[Dataset entries]
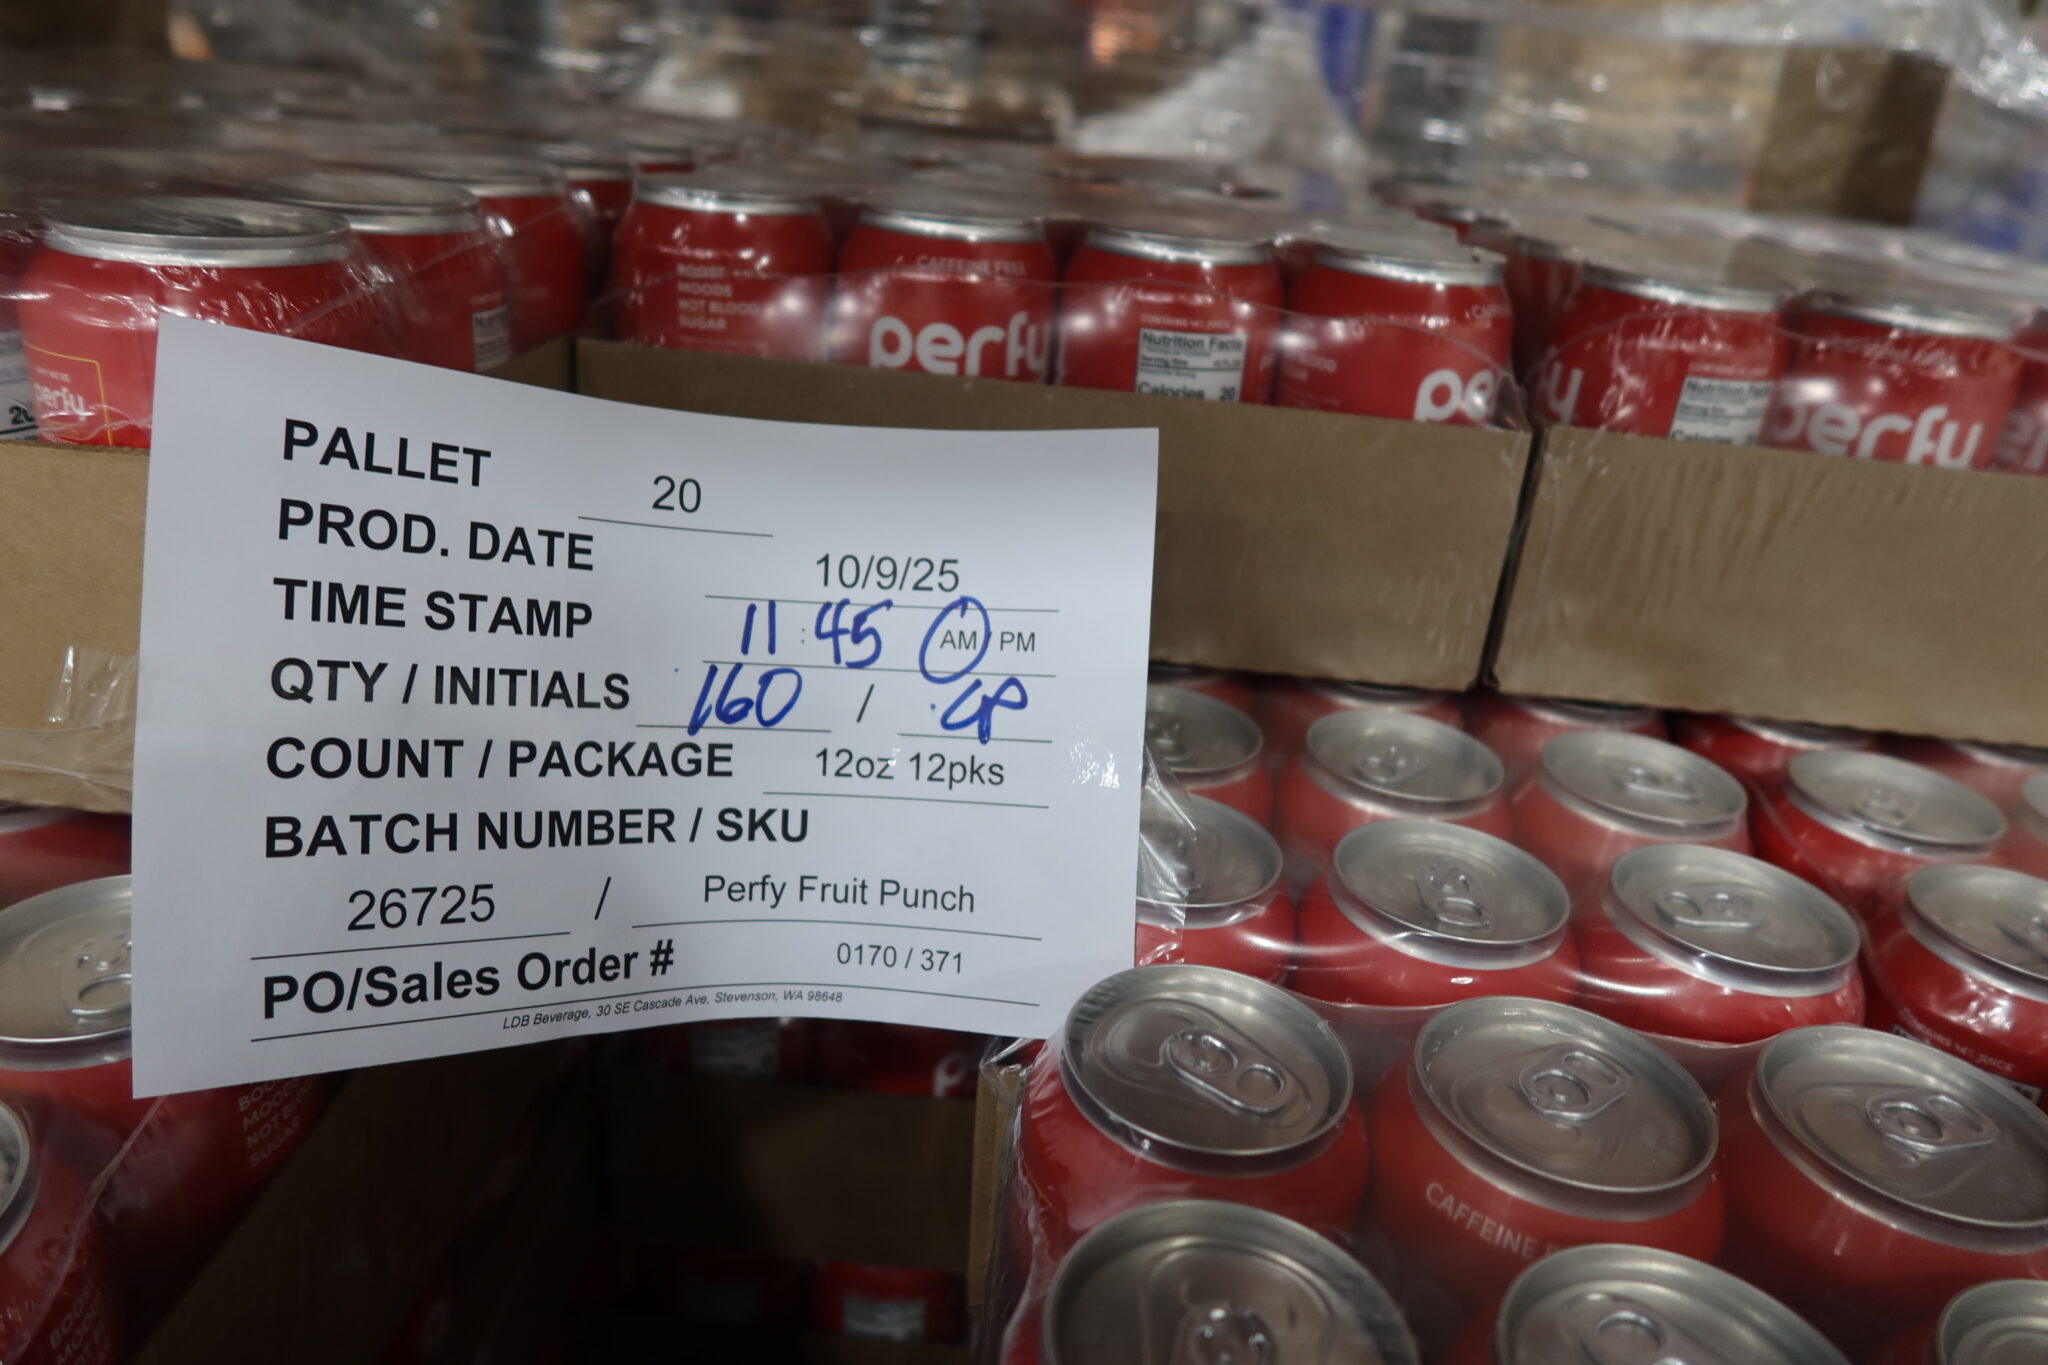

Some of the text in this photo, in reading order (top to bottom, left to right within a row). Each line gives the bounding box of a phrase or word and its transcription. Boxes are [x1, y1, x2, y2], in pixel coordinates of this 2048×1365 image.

[1142, 331, 1243, 351] Nutrition Facts
[283, 418, 493, 488] PALLET
[652, 476, 701, 513] 20
[278, 498, 594, 571] PROD. DATE
[816, 553, 960, 593] 10/9/25
[273, 577, 593, 639] TIME STAMP
[940, 630, 977, 650] AM
[1000, 631, 1036, 652] PM
[270, 657, 630, 710] QTY / INITIALS
[687, 662, 802, 736] 160
[266, 737, 734, 779] COUNT / PACKAGE
[815, 748, 1005, 791] 12oz 12pks
[265, 807, 809, 858] BATCH NUMBER / SKU
[347, 883, 496, 932] 26725
[704, 874, 975, 913] Perfy Fruit Punch
[263, 939, 675, 1020] PO/Sales Order #
[836, 942, 963, 974] 0170 / 371
[503, 990, 843, 1029] LDB Beverage, 30 SE Cascade Ave, Stevenson, WA 98648
[1426, 1182, 1537, 1260] CAFFEINE

**How to complete this task**
The records above are to be repeated exactly, with every picture removed from the copy.

**Solution**
Some of the text in this photo, in reading order (top to bottom, left to right within a row). Each line gives the bounding box of a phrase or word and its transcription. Boxes are [x1, y1, x2, y2], in pixel coordinates of this 2048×1365 image.

[1142, 331, 1243, 351] Nutrition Facts
[283, 418, 493, 488] PALLET
[652, 476, 701, 513] 20
[278, 498, 594, 571] PROD. DATE
[816, 553, 960, 593] 10/9/25
[273, 577, 593, 639] TIME STAMP
[940, 630, 977, 650] AM
[1000, 631, 1036, 652] PM
[270, 657, 630, 710] QTY / INITIALS
[687, 662, 802, 736] 160
[266, 737, 734, 779] COUNT / PACKAGE
[815, 748, 1005, 791] 12oz 12pks
[265, 807, 809, 858] BATCH NUMBER / SKU
[347, 883, 496, 932] 26725
[704, 874, 975, 913] Perfy Fruit Punch
[263, 939, 675, 1020] PO/Sales Order #
[836, 942, 963, 974] 0170 / 371
[503, 990, 843, 1029] LDB Beverage, 30 SE Cascade Ave, Stevenson, WA 98648
[1426, 1182, 1537, 1260] CAFFEINE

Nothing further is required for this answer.